Melusine: Volume 4 – Love Potions

by Gilson & Clarke

Cinebook

melusine cover

Back with Cinebook’s cute as a button Witch for the fourth volume of her adventures. Back in September I looked at Volume 1 and had this to say in conclusion…..

When it works, like the panels above, Melusine is a really great bit of all ages fun. And most of the time, it does work very well. Of course, the way to read Melusine is probably a few pages at a time, with each strip allowed to step up and get a laugh on it’s own merits rather than suffering slightly from familiarity.

Well, as usual I fear, I was talking rubbish. Whether I came to this volume in a lighter mood or whether the theme of this one; Melusine the witch decides to make love potions and spread some love around with disastrous yet comical effects, just worked better I don’t rightly know.
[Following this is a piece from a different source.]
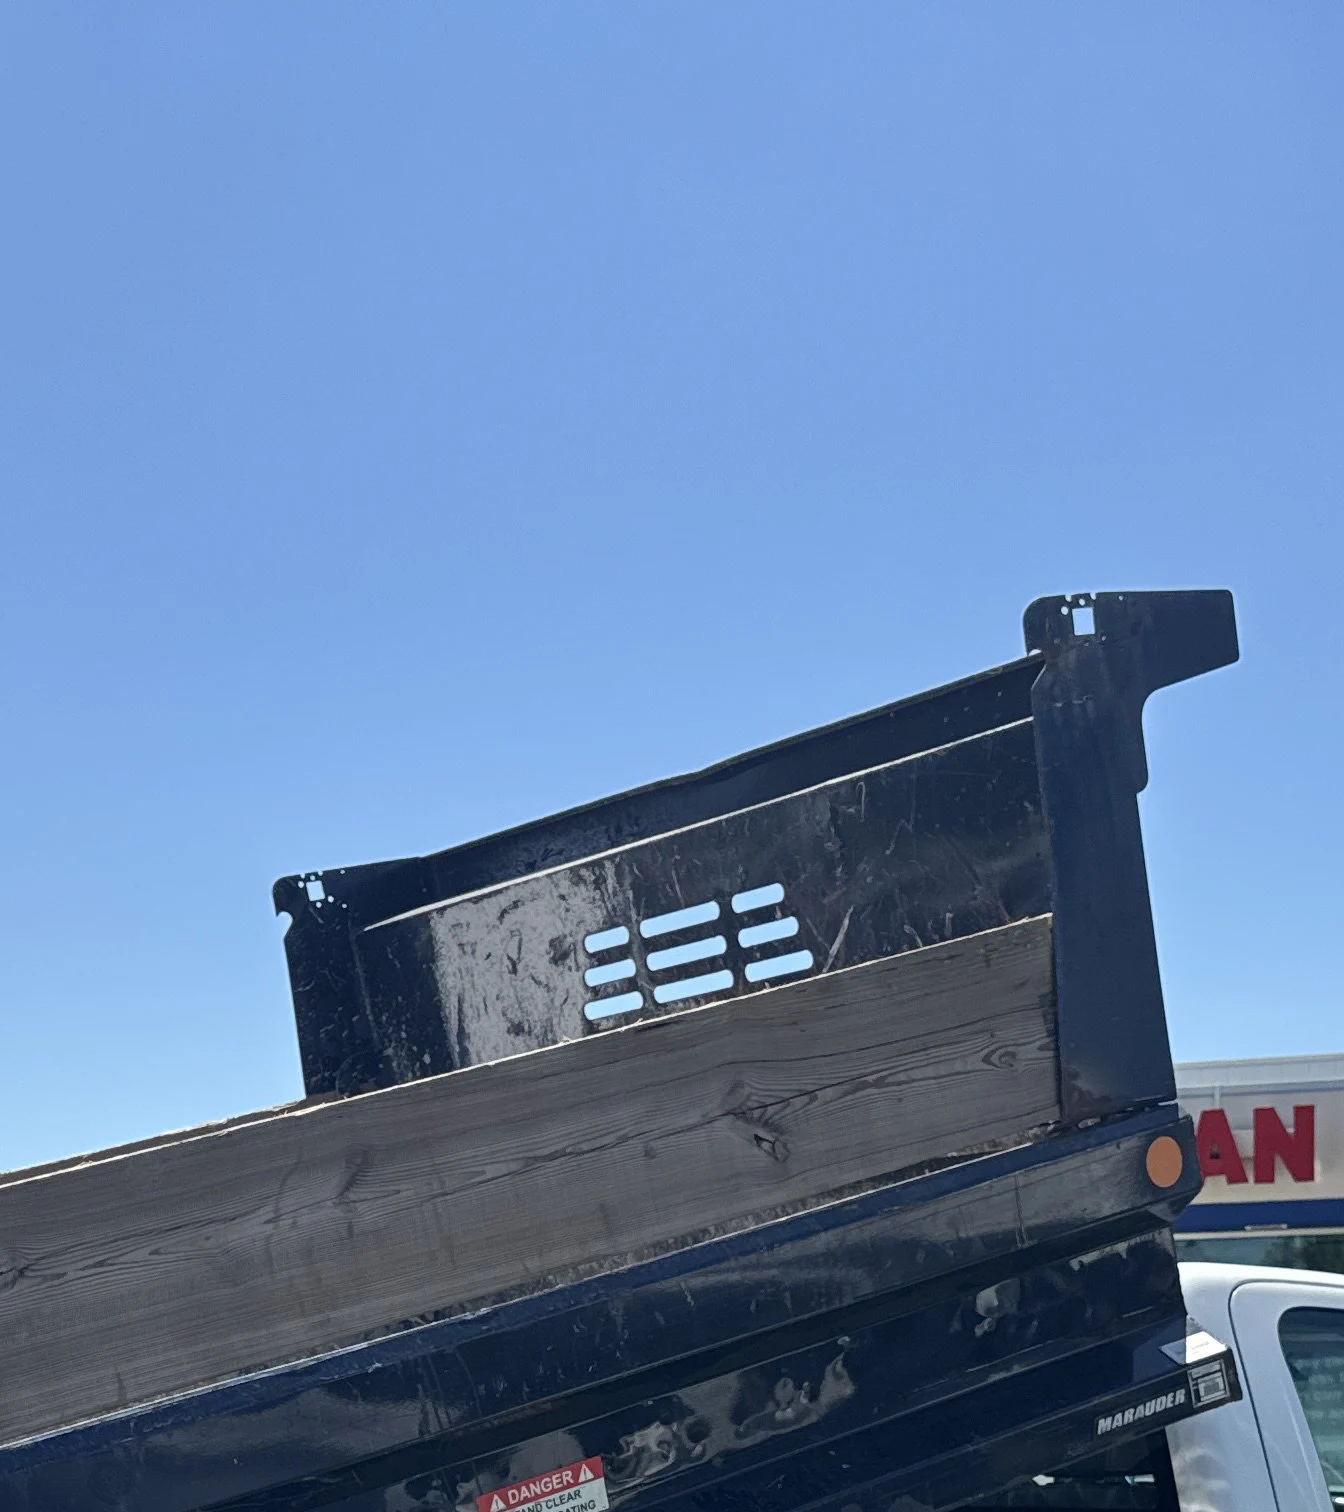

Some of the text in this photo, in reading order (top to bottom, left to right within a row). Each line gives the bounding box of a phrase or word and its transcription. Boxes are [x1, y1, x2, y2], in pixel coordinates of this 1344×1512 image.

All I do know is that I sat down with it, chuckled away at a fair proportion of the gags and finished the book rather wishing for more.

melusine1

(The very first page of Melusine – starting on a real high – great gag, great art. From Melusine: Love Potions by Gilson and Clarke, published by Cinebook.)

I was almost tempted to write that I think Gilson and Clarke have taken a few volumes to get into the rhythm of the strip, but a quick peek at Wikipedia shows me this is actually an earlier volume than Hocus Pocus and Cinebook are just printing them out of order. So it’s not that. Maybe the creators ran out of enough funny material by the time Hocus Pocus came out?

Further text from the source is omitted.